There has been a sharp increase in the number of would-be migrants who are suffering from TB. Studies conducted by HAAD16 suggested the increase was consistent with findings from WHO in which an increase in the number of drug-resistant TB cases in Asia was reported.

According to the Dubai Health Authority, and supported by findings form HAAD, a sharp increase in the prevalence of TB has been reported over the past 4 years among those applying for work and residency visas within the UAE. There were 122 cases of TB detected in 2008, which increased during 2009 and increased further during 2010 to 722 cases.

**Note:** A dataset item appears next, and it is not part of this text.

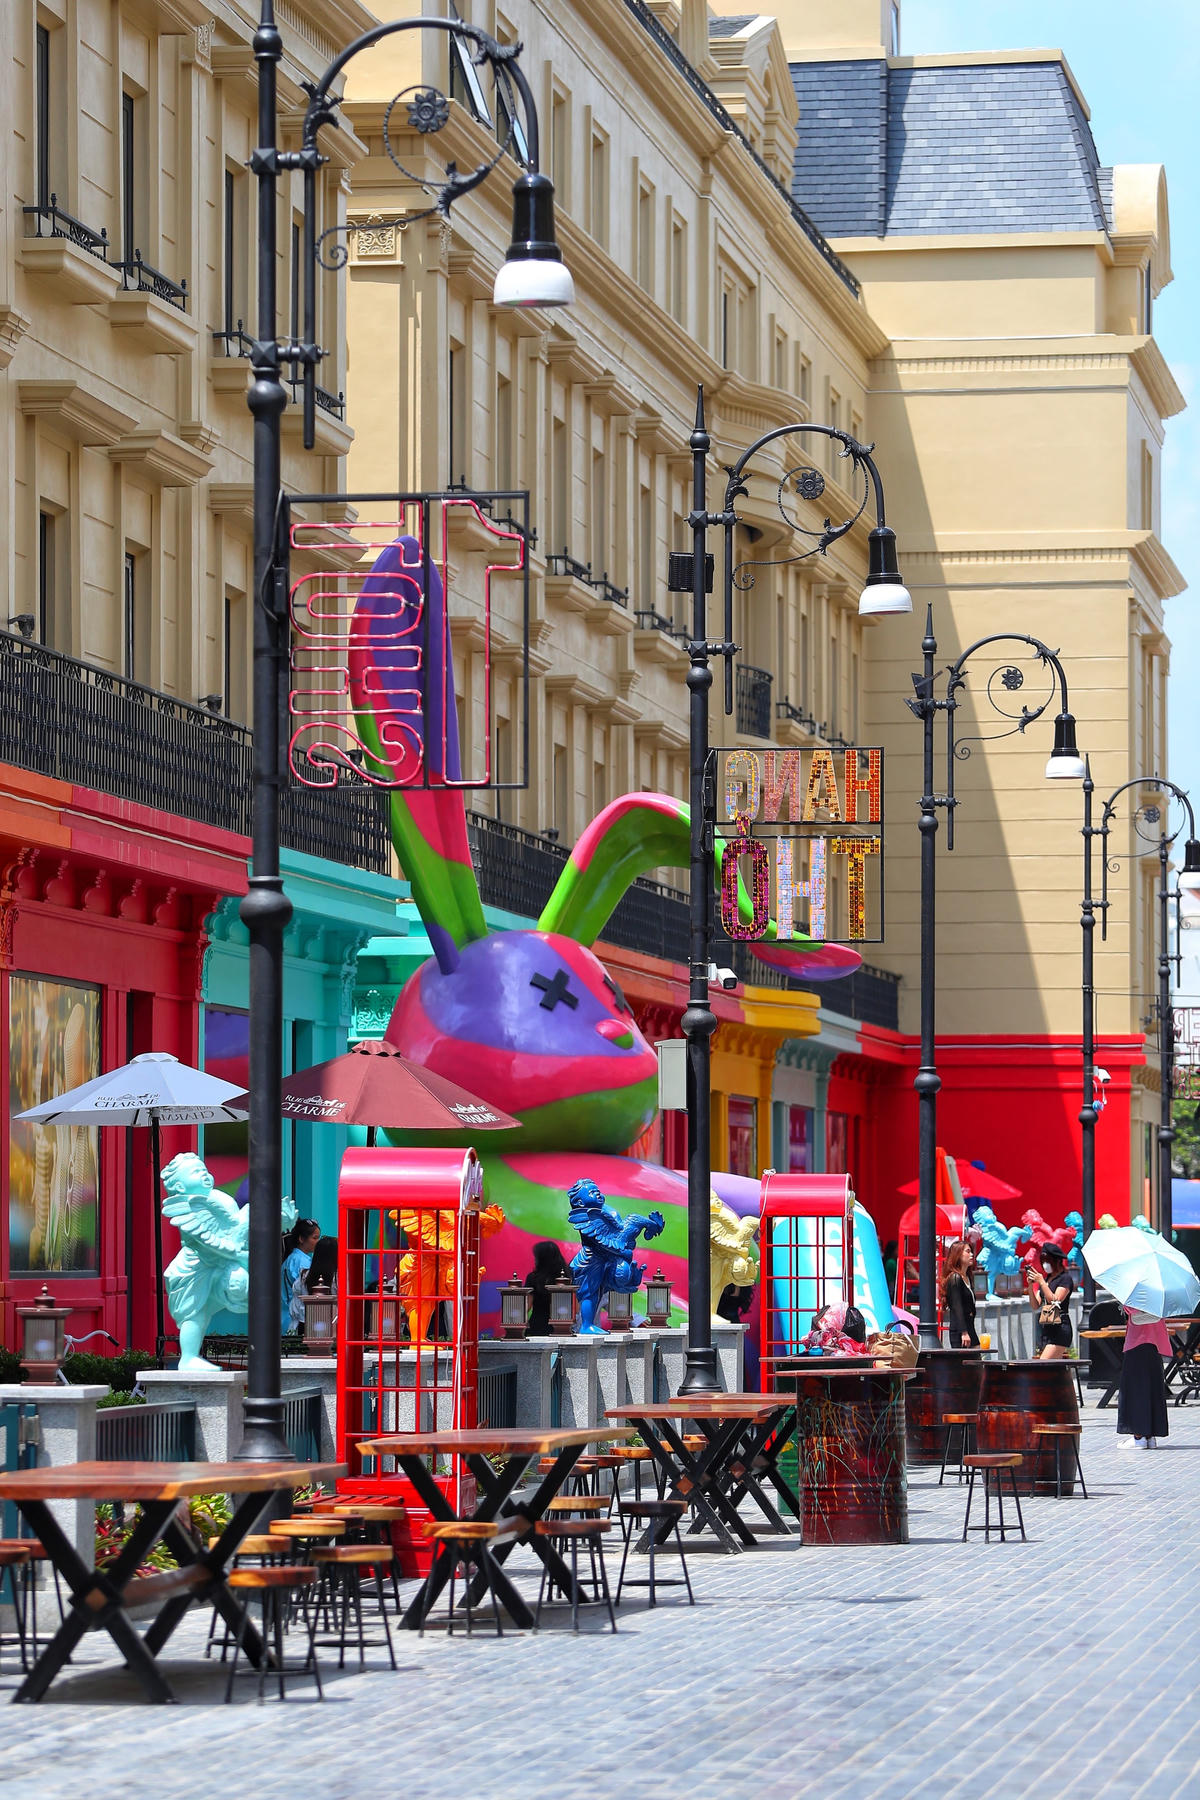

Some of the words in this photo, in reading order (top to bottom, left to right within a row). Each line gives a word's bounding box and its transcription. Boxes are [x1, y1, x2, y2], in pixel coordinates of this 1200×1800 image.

[95, 1098, 159, 1107] CHARME
[285, 1094, 304, 1104] RUE
[281, 1101, 342, 1117] CHARME

During the initial 3 months of 2011, there were 606 reported TB cases.19

According to HAAD statistics,16,20 there were 450 cases of pulmonary TB and 175 cases of extrapulmonary TB registered in the Emirate of Abu Dhabi during 2010.

A study carried out in Al-Qasimi Hospital between 2004 and 2008 found a high level of resistance to anti-TB drugs, with 21% of patients being resistant to isoniazid and 14% to streptomycin.21 Another study on all pulmonary and extrapulmonary TB patients with positive culture results was conducted between January 2001 and December 2008 in Abu Dhabi and reported that resistance to anti-TB drugs, such as isoniazid and pyrazinamide, was as high as 27.7%.22

A 2010 study conducted by HAAD23 summarized the risk of TB among 948 504 Abu Dhabi residents: 14% of the 1558 people who had TB were found to have a positive interferon-gamma release assay result, indicating that they carry a latent form of TB that may reactivate at any time. In addition, 9% had a positive response to the tuberculin skin test. These results showed that there is a potential risk of activation of TB in some individuals, with consequent spread of TB to the community.

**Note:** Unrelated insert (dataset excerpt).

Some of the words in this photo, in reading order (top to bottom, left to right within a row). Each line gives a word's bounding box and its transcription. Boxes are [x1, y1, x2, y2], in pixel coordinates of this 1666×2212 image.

Pneumonia is a health problem that mainly affects children under the age of 5 years and adults over 65 years. Figures from WHO show that 5% of deaths among children under the age of 5 years in the UAE are caused by pneumonia.

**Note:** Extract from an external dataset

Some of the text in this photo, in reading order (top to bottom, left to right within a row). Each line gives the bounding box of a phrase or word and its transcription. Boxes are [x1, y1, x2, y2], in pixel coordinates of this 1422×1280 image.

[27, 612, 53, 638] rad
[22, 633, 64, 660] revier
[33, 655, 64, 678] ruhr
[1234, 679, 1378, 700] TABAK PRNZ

A study carried out at Sheikh Khalifa Medical City found that the prevalence of pneumococcal disease among children was far higher in the UAE than in the West before the introduction of a vaccine against seven strains of the pneumococcal bacteria in the UAE that can lead to pneumonia.24

The incidence of invasive pneumococcal disease and non-invasive pneumococcal disease is 13.6/100 000 per year (95% CI 6.5–24.9) and 172.5/100 000 per year (95% CI 143.8–205.2), respectively. The total incidence of pneumonia in the UAE is 186.0/100 000 per year (95% CI 156.2–219.9). For comparison, in North America, the reported annual incidence of pneumonia is 72 per 100 000 in southern California and 11.8–16.1 in Canada.25,26 In Europe, the annual incidence per 100 000 is 42.1 in Great Britain, 24.2 in Finland and 10.1 in Germany,2729 while the incidence in Australia is 12.7/100 000.30 In Saudi Arabia, the reported incidence of pneumonia is 3.4–53.5 per 100 000 per year.31


Obesity is becoming a major medical concern in several parts of the world, with huge economic impacts on healthcare system, mainly as a result of the associate in increased cardiovascular risks. In addition, obesity leads to a number of sleep disorders and interrupted breathing patterns such as obstructive sleep apnoea and obesity hypoventilation syndrome, which leads to increased morbidity and, as a result, reduced quality of life.

A study carried out at Rashid Hospital, UAE, using the Berlin Questionnaire, found that 15% of the residents in Dubai experience sleep disorders, which is lower than the average number of residents in the USA and the UK where a quarter of the population typically experience such problems.32 In a country such as the UAE, where nearly two in five women, and more than a quarter of men, are obese, this is a major problem.


Respiratory diseases are a major health concern in the UAE. Demographic data suggest that social and cultural norms will play an important role in formulating strategies for patient education, creating appropriate country-wide health facilities and gaining governmental support in order to improve the health of UAE residents and decrease the future financial burden on healthcare organizations.